Un pianista en el campo de la urología
Dr. Gabriel Catalán
Además de su pasión por la urología, el Dr. Gabriel Catalán, Jefe de Urología en el Hospital Padre Hurtado, es un destacado pianista que partió esta pasión musical con apenas 8 años de edad. Pese a su apretada agenda, siempre encuentra el espacio para tocar piano.
La música y el piano siempre estuvieron presentes en la vida del Dr. Gabriel Catalán, quien además es urólogo de Clínica Alemana de Santiago y docente de la UDD. “Mi madre también era médica y tocaba piano, un instrumento musical que siempre estuvo en mi casa, por lo que desde niño escuché música clásica, era algo cotidiano para mí”, cuenta el Dr. Catalán.
Sin embargo, su inicio como pianista fue algo totalmente fortuito. “Cuando estaba en el colegio, a un compañero de curso le habían regalado un teclado y cuando empezó a tocar, él también se propuso hacerlo”, recuerda.
Así a partir de los ocho años, se inició en el camino musical, ingresando más tarde a la Escuela Moderna de Música, donde comenzó con clases de repertorio clásico.
“Me gustan los grandes compositores alemanes Beethoven, Bach, Brahms, pero también Chopin, así como la música del Siglo XX como Ravel o Debussy. También me gustan algunos compositores rusos”, dice el doctor Catalán quien reconoce que muchas veces no tiene tiempo para practicar, pero que intenta hacerlo durante la semana y en sus tiempos libres intentando compatibilizar trabajo y la vida de familia.

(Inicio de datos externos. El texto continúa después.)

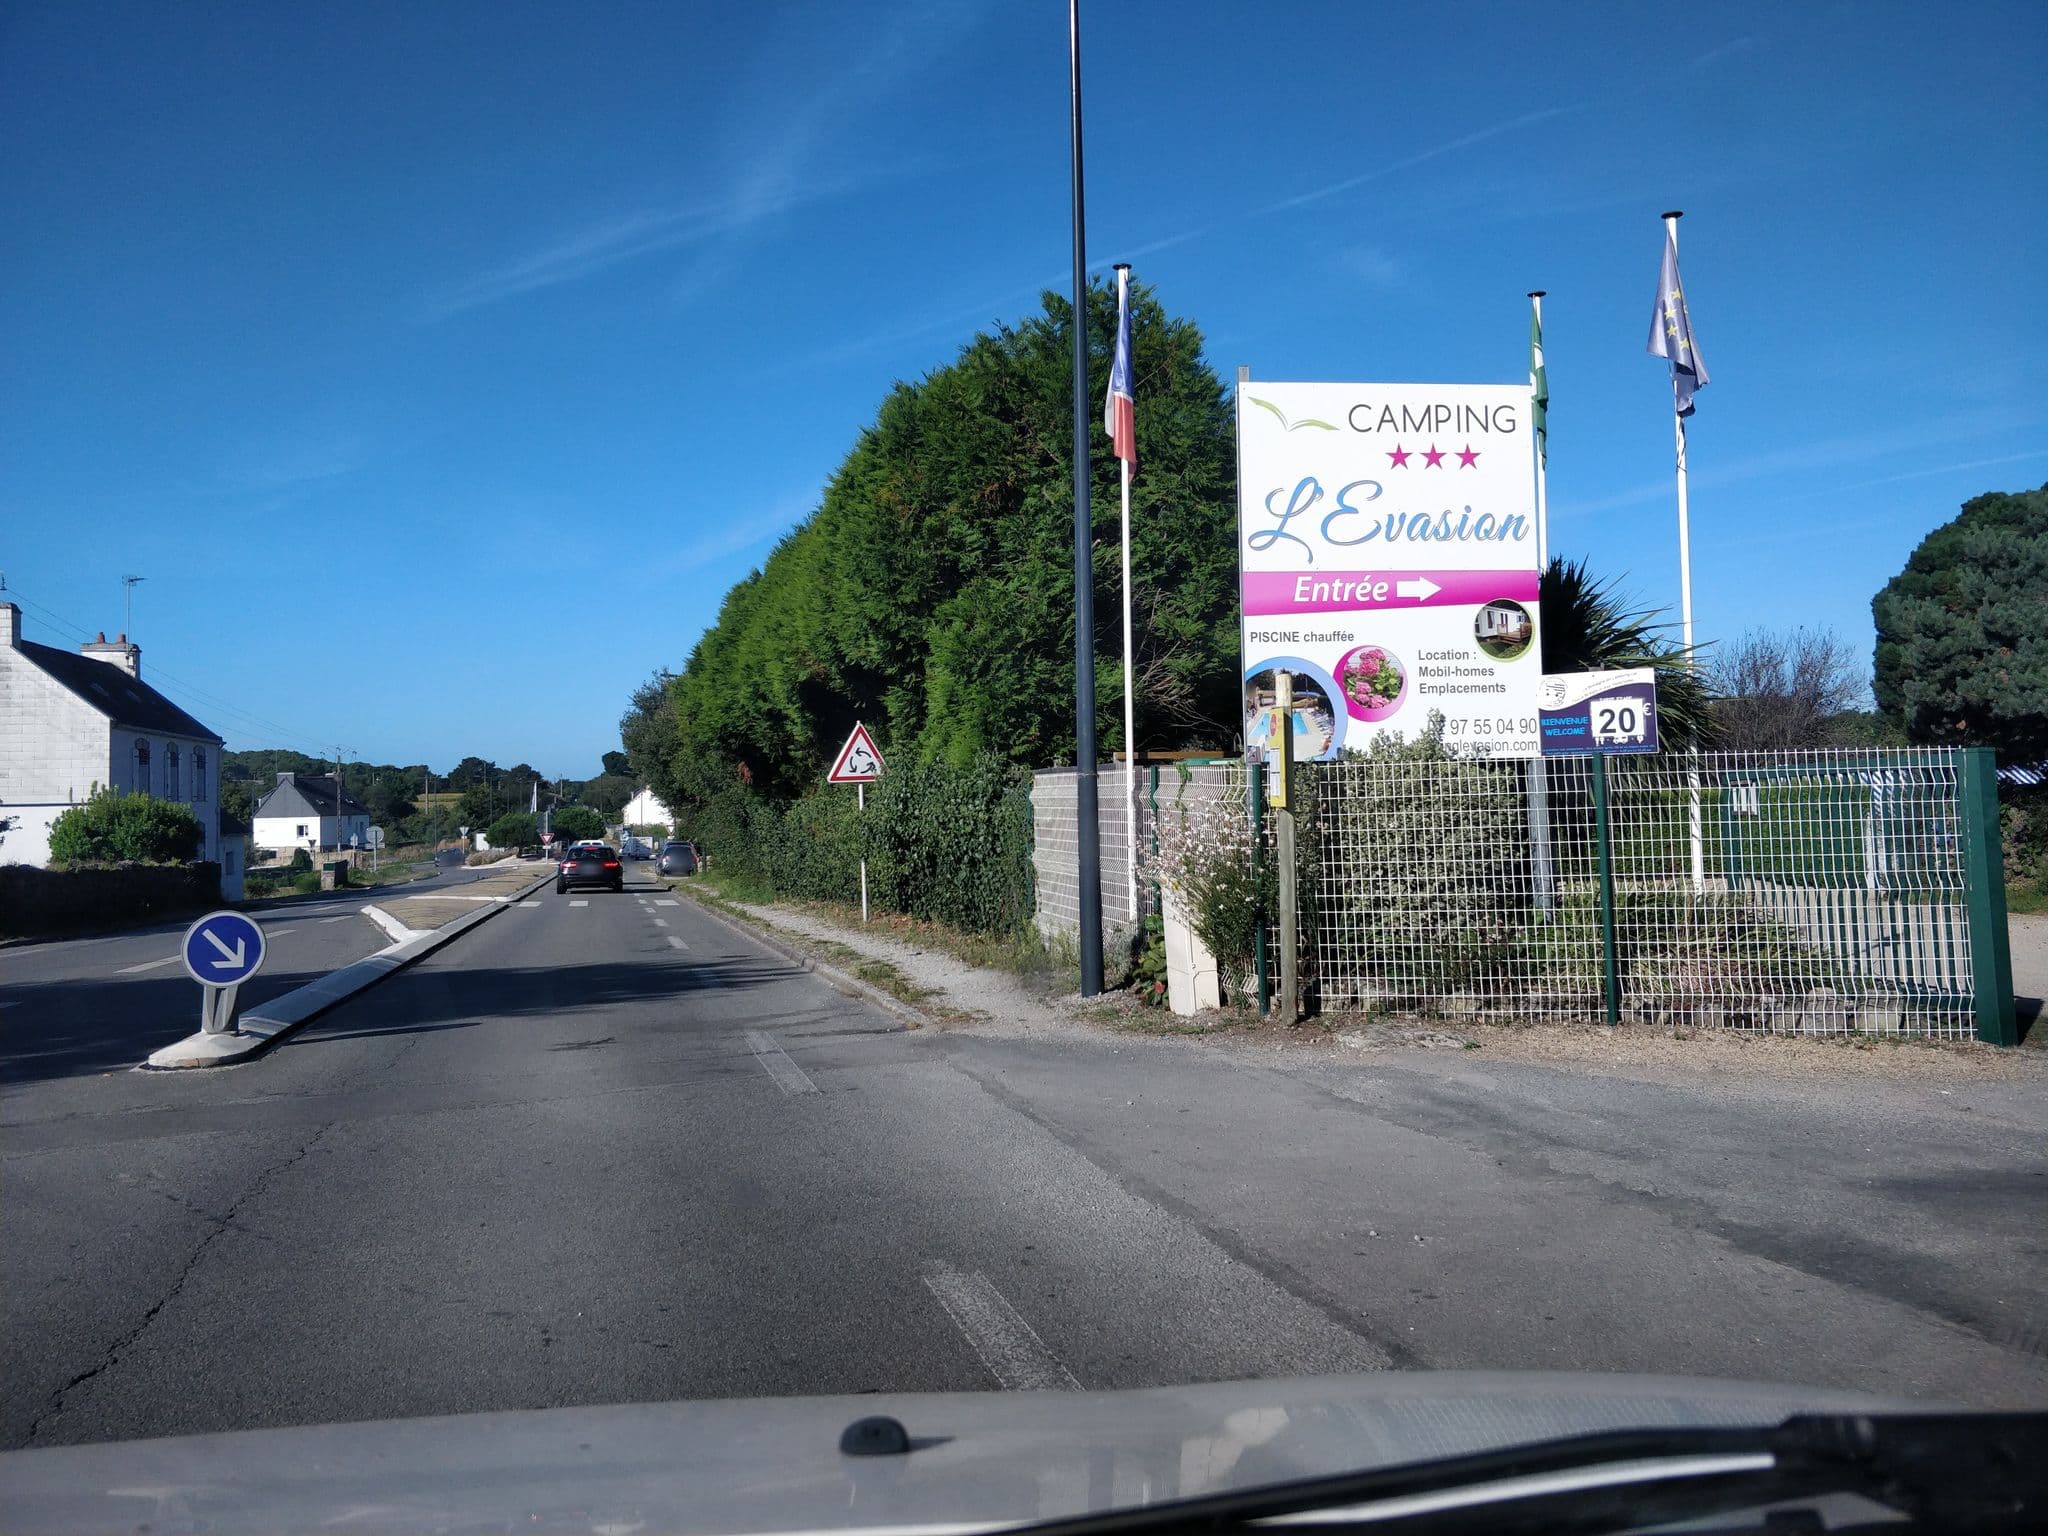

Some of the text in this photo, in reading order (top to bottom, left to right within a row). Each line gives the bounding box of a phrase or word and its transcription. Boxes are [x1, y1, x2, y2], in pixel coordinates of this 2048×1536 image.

[1348, 403, 1517, 434] CAMPING
[1247, 476, 1530, 565] L'Evasion
[1293, 575, 1389, 603] Entrée
[1250, 630, 1355, 643] PISCINE chauffée
[1418, 648, 1470, 661] Location
[1418, 665, 1495, 678] Mobil-homes
[1419, 682, 1507, 696] Emplacements
[1450, 719, 1468, 735] 97
[1474, 719, 1492, 735] 55
[1496, 718, 1514, 734] 04
[1519, 718, 1537, 734] 90
[1599, 707, 1636, 734] 20
[1545, 726, 1586, 736] WELCOME
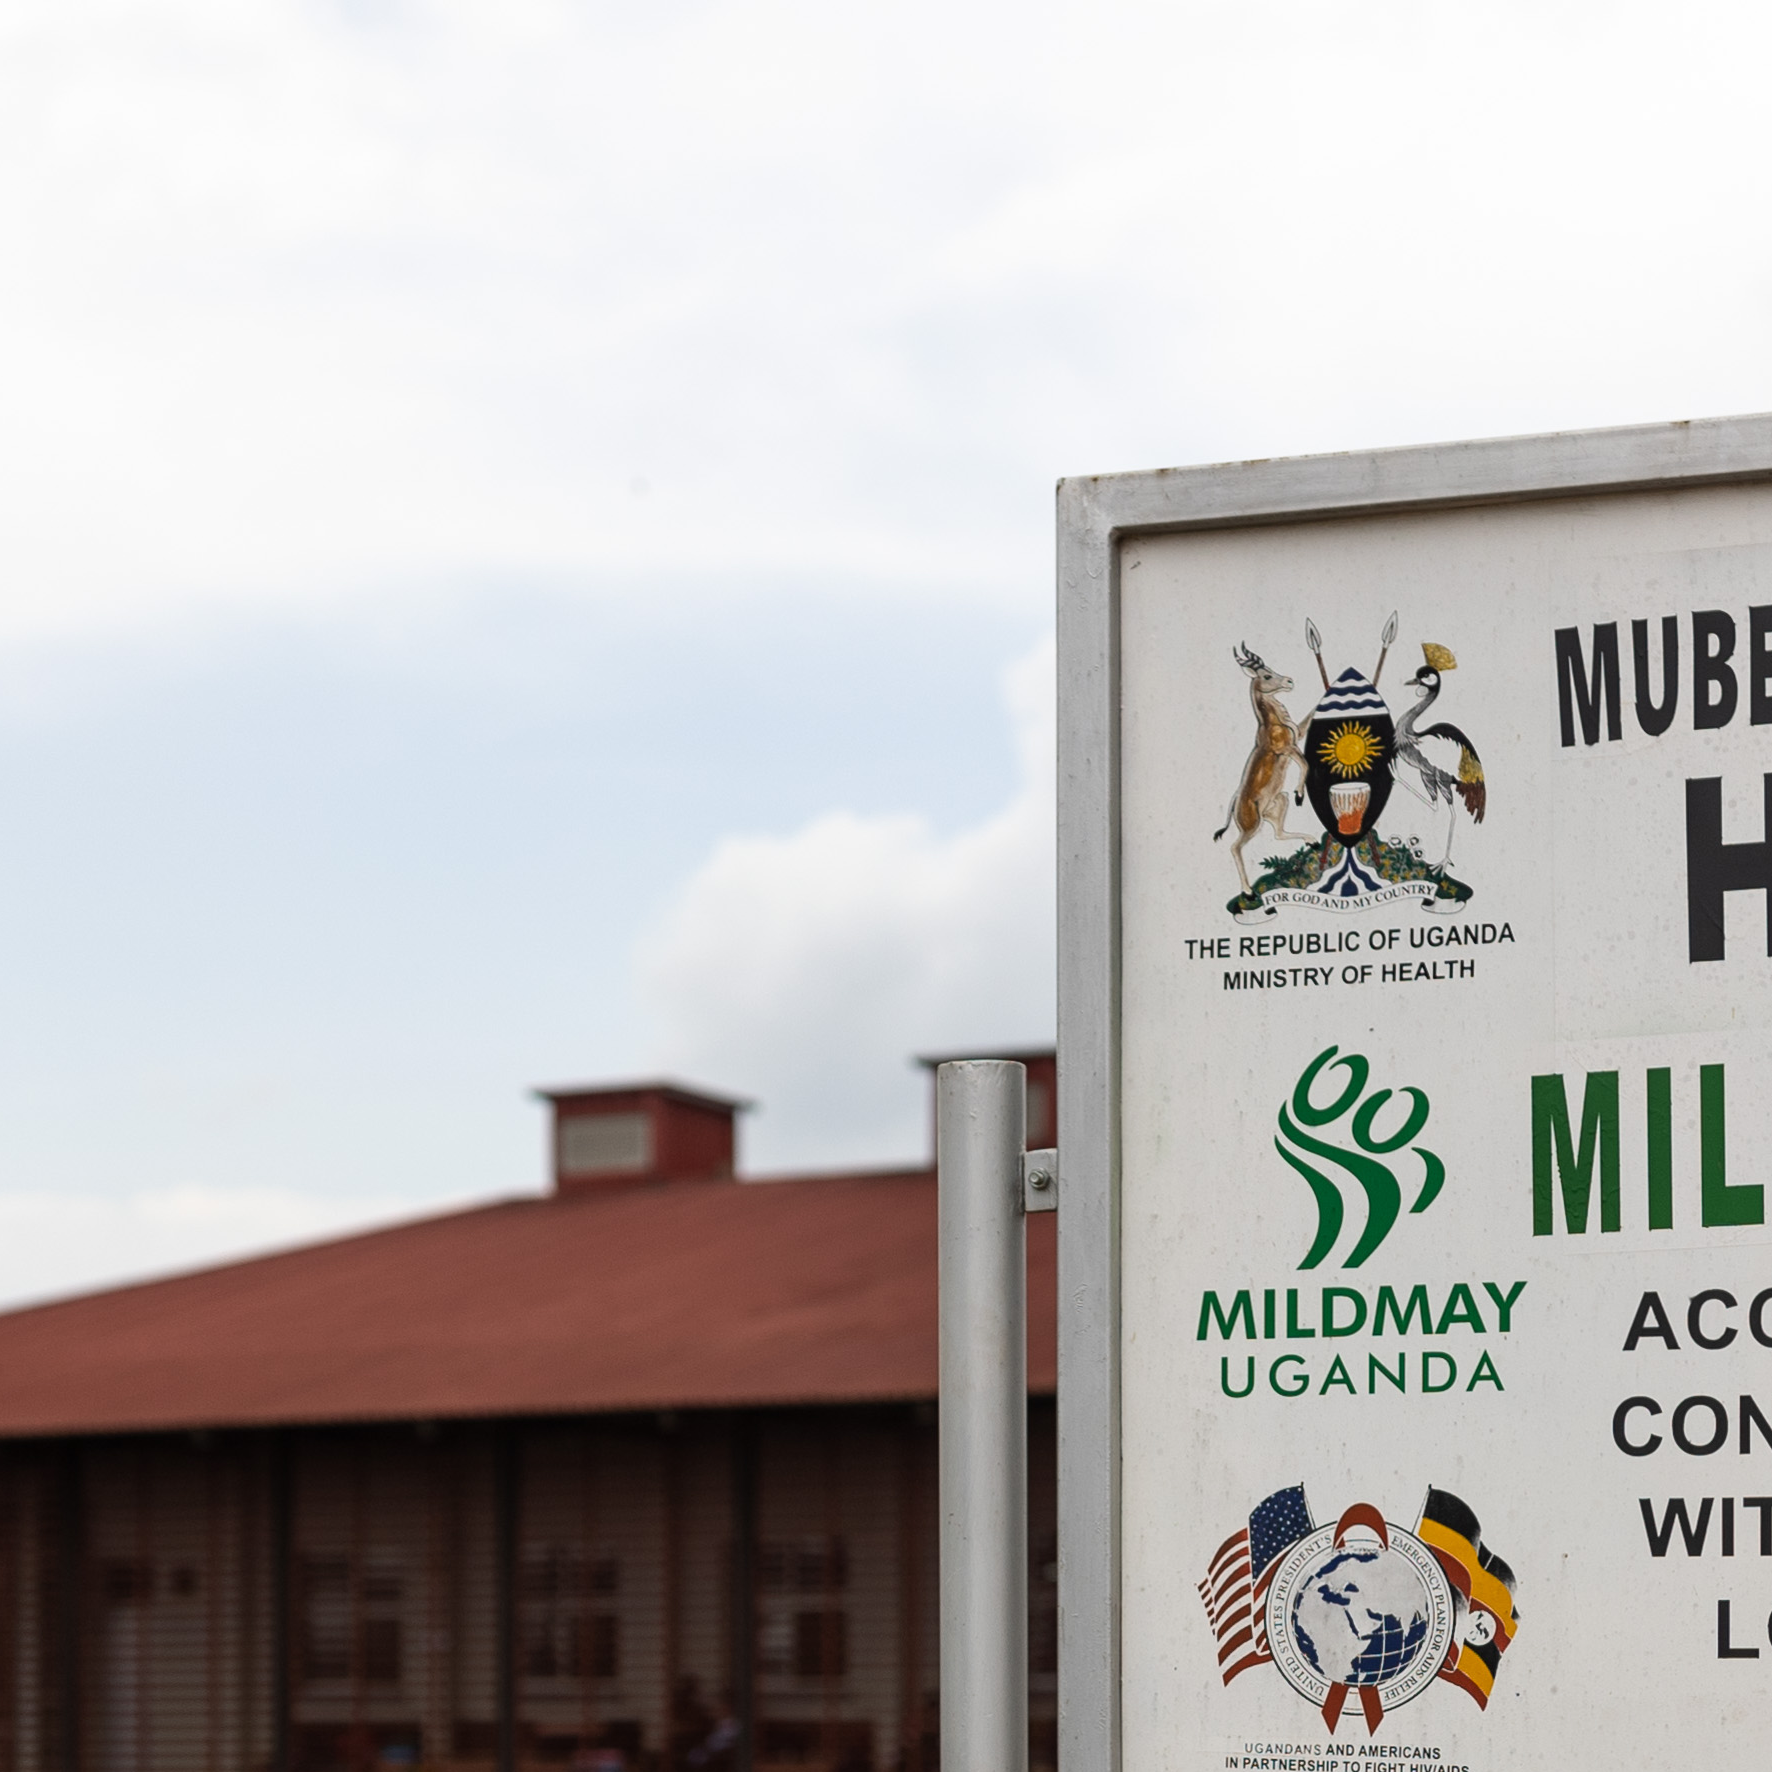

El profesional cuenta que en su casa su señora es violinista y juntos hacen música de cámara, así como con algunos músicos. Su hija mayor toca piano y la menor, el chelo, por lo que siempre está rodeado de música. “La música es esencial, una compañera constante que permite expresarte. Te permite ver las cosas con un distinto prisma a medida que uno va envejeciendo. Para mí, es un ámbito más íntimo, muy personal”.